Westinghouse Electric Company, Cranberry Township, PA

Paper No. ICONE22-31129, pp. V003T06A050; 8 pages
  • 2014 22nd International Conference on Nuclear Engineering
  • Volume 3: Next Generation Reactors and Advanced Reactors; Nuclear Safety and Security
  • Prague, Czech Republic, July 7–11, 2014
  • Conference Sponsors: Nuclear Engineering Division
  • ISBN: 978-0-7918-4593-6
  • Copyright © 2014 by ASME


As an advanced Gen III+ plant with passive safety systems, the AP1000® plant is uniquely equipped to handle an extended station blackout (SBO) event similar to what occurred at the Fukushima-Daiichi plants in March of 2011. These passive systems have been designed to maintain core cooling for up to 72 hours following all design basis events without the need for AC power or operator action. These core and containment cooling systems self-actuate such that even DC power is not required for their actuation. The Fukushima-Daiichi event demonstrated the effectiveness and desirability of the AP1000 systems.
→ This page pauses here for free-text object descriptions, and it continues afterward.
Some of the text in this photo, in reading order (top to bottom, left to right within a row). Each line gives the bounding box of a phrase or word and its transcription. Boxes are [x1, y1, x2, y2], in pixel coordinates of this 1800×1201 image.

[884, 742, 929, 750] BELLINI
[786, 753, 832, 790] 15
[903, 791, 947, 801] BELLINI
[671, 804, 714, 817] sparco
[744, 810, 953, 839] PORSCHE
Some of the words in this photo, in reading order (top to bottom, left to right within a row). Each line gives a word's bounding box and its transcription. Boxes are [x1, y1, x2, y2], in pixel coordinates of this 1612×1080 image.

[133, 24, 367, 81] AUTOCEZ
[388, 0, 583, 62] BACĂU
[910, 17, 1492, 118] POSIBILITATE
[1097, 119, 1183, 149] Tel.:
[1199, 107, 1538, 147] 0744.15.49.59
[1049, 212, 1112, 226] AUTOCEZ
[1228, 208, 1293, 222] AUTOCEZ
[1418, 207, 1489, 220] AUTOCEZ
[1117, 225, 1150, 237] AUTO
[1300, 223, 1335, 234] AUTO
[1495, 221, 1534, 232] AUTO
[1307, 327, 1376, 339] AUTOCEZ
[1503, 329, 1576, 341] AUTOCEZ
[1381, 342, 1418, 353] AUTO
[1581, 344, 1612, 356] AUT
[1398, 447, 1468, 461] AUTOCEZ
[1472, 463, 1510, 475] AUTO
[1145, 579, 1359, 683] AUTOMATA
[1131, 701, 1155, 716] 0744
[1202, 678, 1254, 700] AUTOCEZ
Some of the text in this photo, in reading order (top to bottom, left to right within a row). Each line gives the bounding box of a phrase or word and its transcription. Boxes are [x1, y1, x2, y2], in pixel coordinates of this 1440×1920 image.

The AP1000 plant, like other pressurized water reactors (PWRs), is provided with defense-in-depth active systems, such as auxiliary feed water pumps, to remove decay heat using the steam generators in the event that offsite power is lost. During an SBO the diesel generators powering this active equipment would not be available. In the event of an SBO the safety-grade heat removal function would be accomplished by the passive residual heat removal (PRHR) heat exchanger (HX) located in the in-containment refueling water storage tank (IRWST). The PRHR HX is designed to remove decay heat from the reactor coolant system (RCS) to the water in the IRWST, which increases in temperature and eventually boils. Steam from the IRWST is vented to the containment atmosphere and actuates the passive containment cooling system (PCS), which is used to apply water to the outside of the steel containment vessel and passively remove heat via evaporation to the environment. Steam that is condensed on the inside surface of the containment vessel forms a water film that flows down the containment wall and is returned to the IRWST using a system of water collection gutters and piping. The PCS is sized to remove reactor decay heat for 72 hours without the need for operator action.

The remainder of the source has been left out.